A New Jersey media outlet reported on the new sex education curriculum set to be installed in K-12 schools in the state, but did not investigate the group that designed it. Advocates for Youth is a far-left organization that pushes gender fluidity, abortion on demand, transgenderism, and promiscuous relationships to young people.
New Jersey’s new curriculum is exposing the secretive group, which is just one of many progressive groups that seek to sway children away from traditional cultural ideas that families rely on to help manage their lives in the increasingly diverse United States. For example, the group opposes conservative attitudes towards sex, such as the view that children should be shielded from adults’ sexual pressure.

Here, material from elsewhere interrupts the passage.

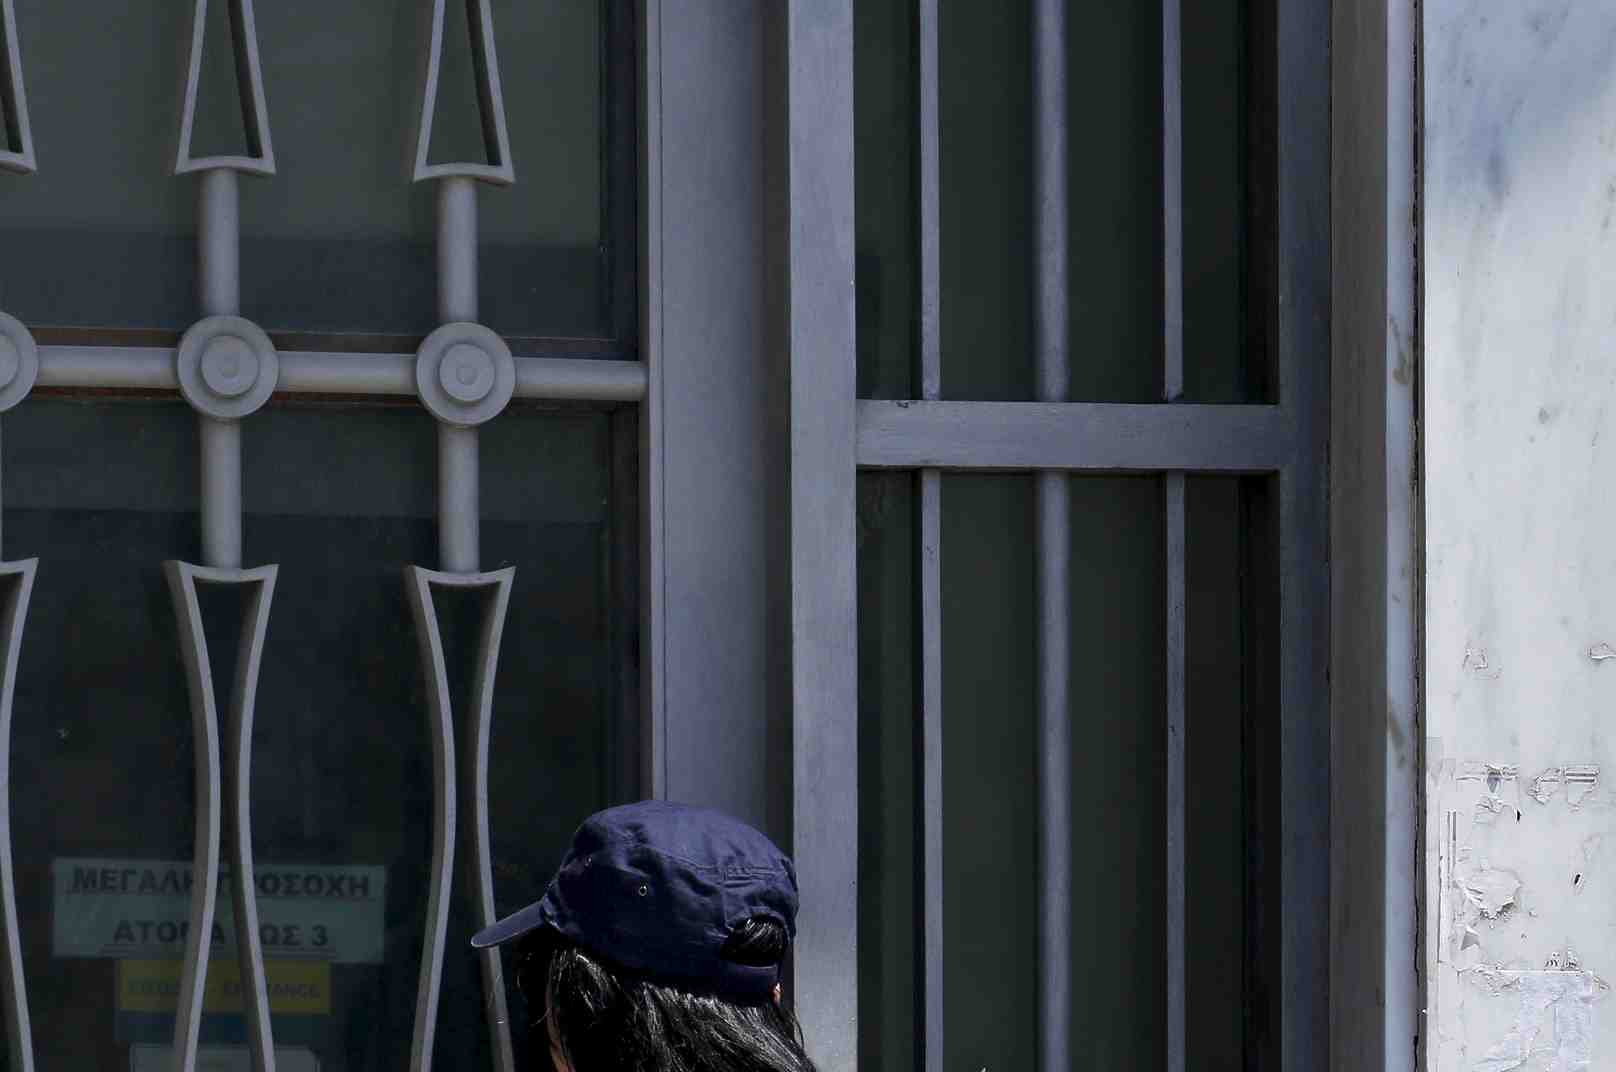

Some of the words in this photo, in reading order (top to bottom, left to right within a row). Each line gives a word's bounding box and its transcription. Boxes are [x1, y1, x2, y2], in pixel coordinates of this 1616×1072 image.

[217, 870, 369, 897] ΠΟΣΟΧΗ
[237, 923, 304, 946] ΩΣ
[311, 925, 329, 947] 3

The AFY website says that group wants “to shift the current cultural paradigm in which we live from one that too often stigmatizes youth and youth sexual development to one that embraces youth as partners and recognizes sexuality as normal and healthy. Advocates recognizes that poverty, homophobia, transphobia, ageism, racism, and sexism fuel sexual health disparities.”
Like many other left-wing groups, AFY is indoctrinating children with the unscientific and medically risky claim that children can choose their “gender,” regardless of their male or female bodies.
A sample lesson plan was featured during a recent Westfield, New Jersey, school board meeting. And it is easy to find it on AFY website under a tab that says “New Jersey” and “New.”
The AFY curriculum for second graders includes the question, “How do you know what gender you are” and has an outline for teachers, which says, in part:
Ask, “How do you know what gender you are?”
If a student says something like, “I just know it” or “I feel that way on the inside,” explain that knowing what gender you are is called “gender identity.” Put the sign that reads “gender identity” up (or write the phrase) on the board. Ask students to repeat it with you. Point out that the word “Identity” begins with an “I.” S ay something like, “Identity starts with an I. That’s how you can remember it. ‘I’ feel, ‘I’ know. Gender identity is that feeling of knowing your gender. You might feel like you are a boy, you might feel like you are a girl. You might feel like you’re a boy even if you have body parts that some people might tell you are ‘girl’ parts. You might feel like you’re a girl even if you have body parts that some people might tell you are ‘boy’ parts. And you might not feel like you’re a boy or a girl, but you’re a little bit of both. No matter how you feel, you’re perfectly normal!”
Ask, “How do you know what gender you are?”
If a student says something like, “I just know it” or “I feel that way on the inside,” explain that knowing what gender you are is called “gender identity.” Put the sign that reads “gender identity” up (or write the phrase) on the board. Ask students to repeat it with you. Point out that the word “Identity” begins with an “I.” S ay something like, “Identity starts with an I. That’s how you can remember it. ‘I’ feel, ‘I’ know. Gender identity is that feeling of knowing your gender. You might feel like you are a boy, you might feel like you are a girl. You might feel like you’re a boy even if you have body parts that some people might tell you are ‘girl’ parts. You might feel like you’re a girl even if you have body parts that some people might tell you are ‘boy’ parts. And you might not feel like you’re a boy or a girl, but you’re a little bit of both. No matter how you feel, you’re perfectly normal!
The curriculum also includes a reading out-loud lesson based on the LGBT-themed The Family Book, which features children with “two moms” and “two dads.”
The North Jersey dot com website reported that the head of the state’s education department defended the sex ed plan:
”I do want to take a moment to correct the record if I may,” said Angelica Allen-McMillan, acting commissioner of the state Department of Education, during Thursday’s Senate budget committee hearing. She said sex education material that was “deemed salacious is not affiliated with the Department of Education.” She also said “third-party information” was being used to “weaponize” sex education, suggesting political reasons.
The response was to Sen. Michael Testa, R-Cape May, who questioned a sex education sample lesson plan presented at a Westfield Board of Education meeting that discussed genitalia and gender identity. Testa pressed Allen-McMillan on whether the plan used in the presentation was on the state’s Department of Education website and if she thought it was appropriate for a “neighbor” to show an 8-year-old child images of female genitalia.
Allen-McMillan said the state Department of Education website does offer other links to resources that schools can use to create their sex education lesson plans. She said school districts have a lot of “latitude” in deciding how they teach the standards. The state, she said, “provides access to supplemental information and activities that districts can use if they choose to advance their instruction in particular areas.”
Allen-McMillan supports the LGBT curriculum in schools, even for young children, which she said will make the classroom a “safe place.”
She also said parents have the right to opt out of the sex education course — a choice that has been standard in New Jersey schools for religious or moral objections since the 1980s.
The New Jersey website noted that the new sex “standards” will be in grades K-12 in the fall.